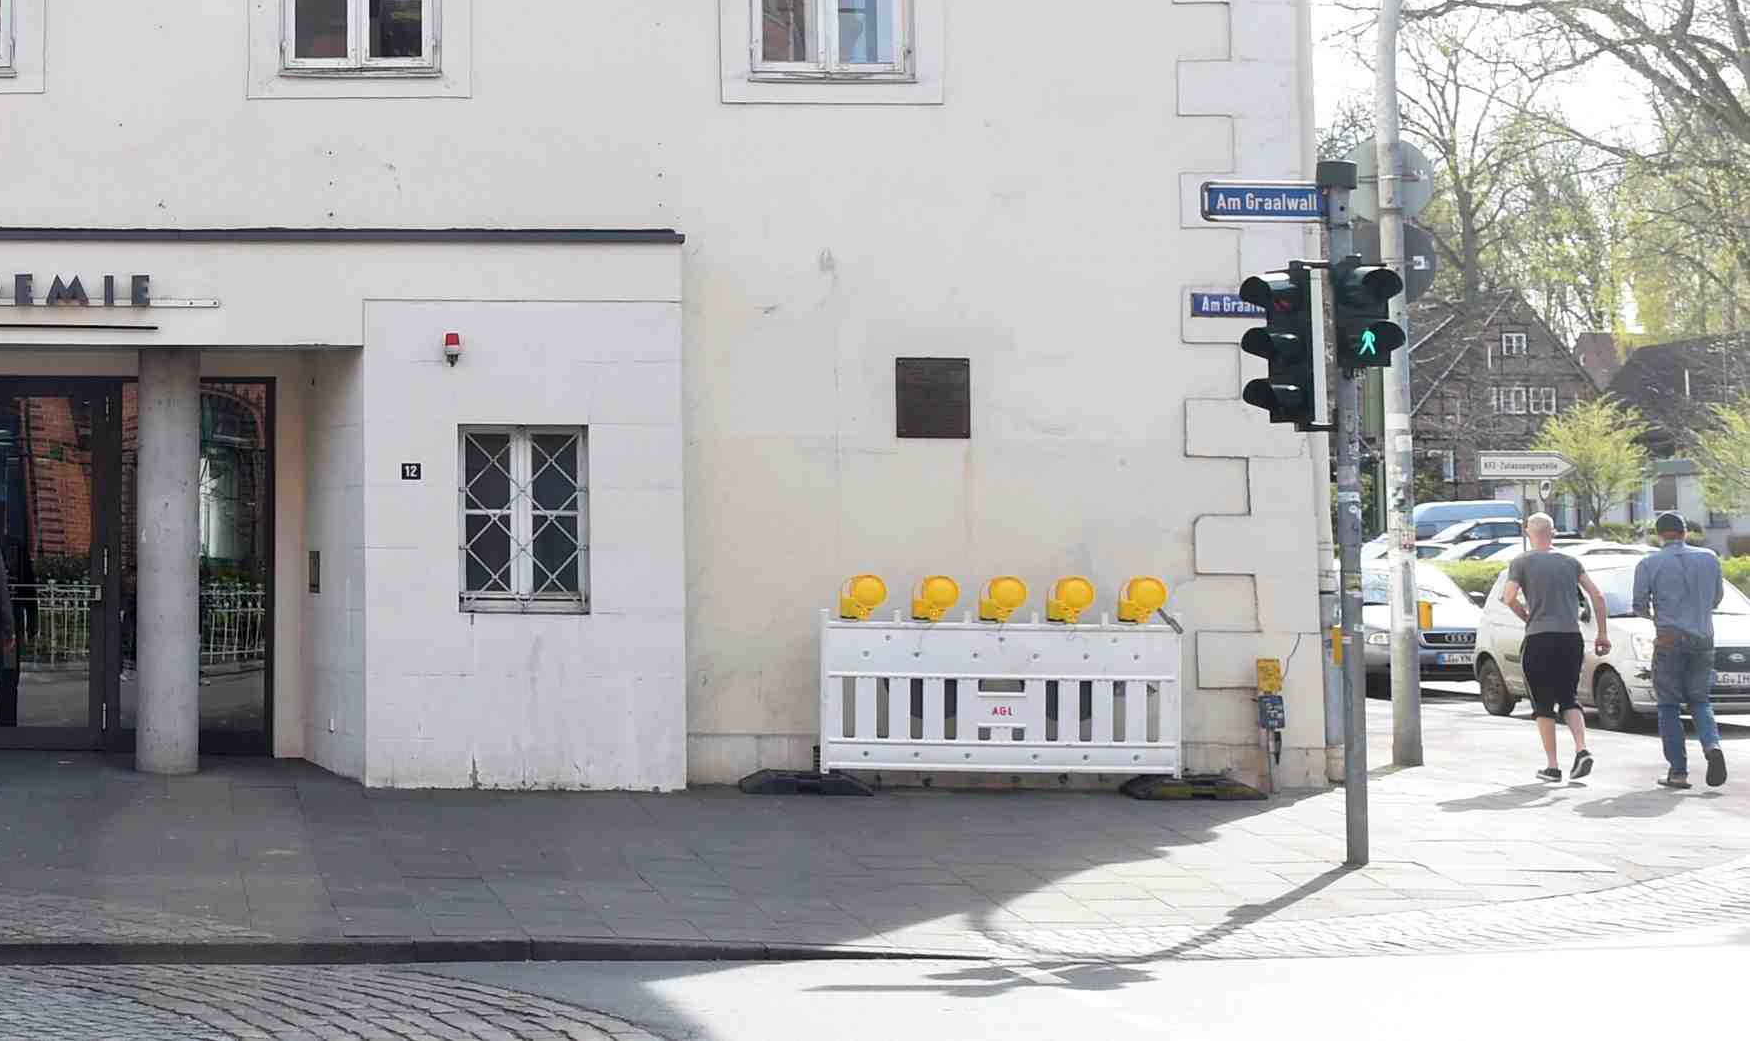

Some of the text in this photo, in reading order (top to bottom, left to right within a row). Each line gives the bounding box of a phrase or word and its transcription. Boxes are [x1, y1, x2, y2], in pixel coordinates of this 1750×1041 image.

[1217, 192, 1317, 211] Am Graalwall
[1201, 295, 1266, 312] Am Graalw
[404, 465, 418, 478] 12
[992, 706, 1012, 716] AGL
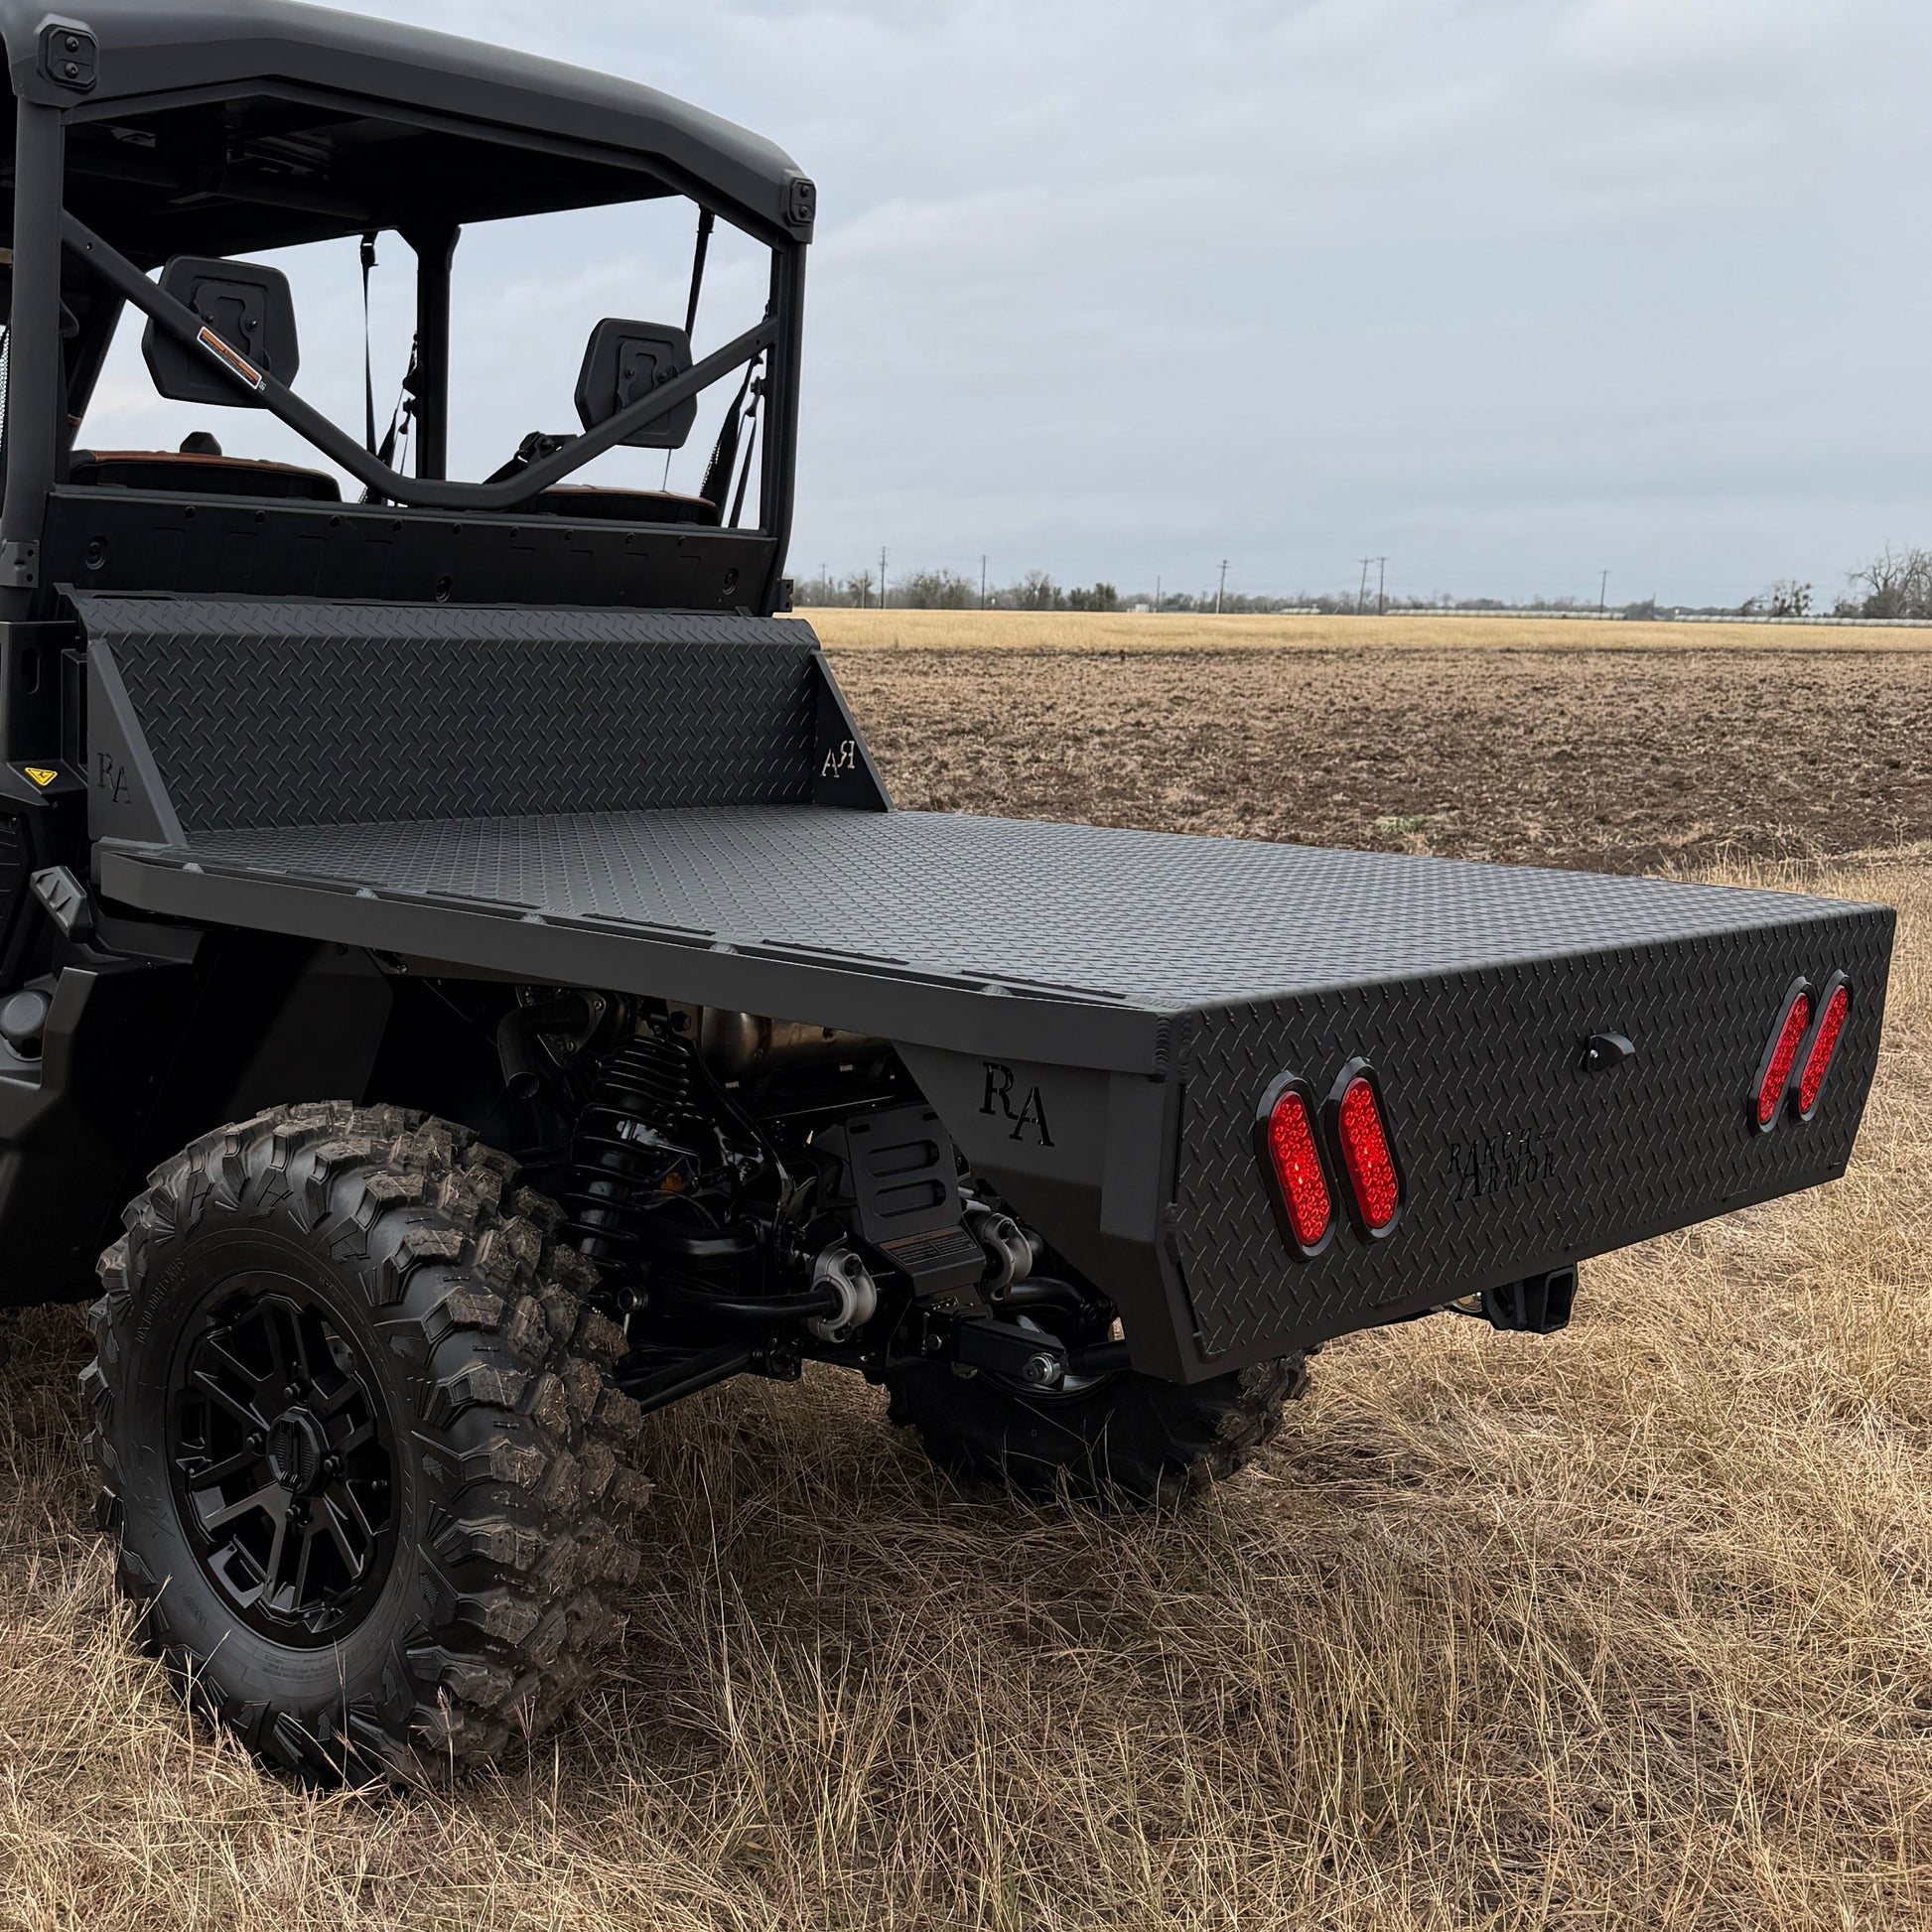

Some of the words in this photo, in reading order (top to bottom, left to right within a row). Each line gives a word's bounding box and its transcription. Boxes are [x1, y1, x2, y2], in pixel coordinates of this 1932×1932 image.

[97, 752, 132, 804] RA
[979, 1060, 1054, 1147] RA
[1448, 1127, 1533, 1187] RANCH
[1454, 1145, 1555, 1201] ARMOR

#####

Work item: Starting from the line that contains "Some of the words", give again every line to the last line of the data, exactly. Include nothing else.

Task output:
Some of the words in this photo, in reading order (top to bottom, left to right within a row). Each line gives a word's bounding box and its transcription. Boxes are [x1, y1, x2, y2], in pixel coordinates of this 1932×1932 image.

[97, 752, 132, 804] RA
[979, 1060, 1054, 1147] RA
[1448, 1127, 1533, 1187] RANCH
[1454, 1145, 1555, 1201] ARMOR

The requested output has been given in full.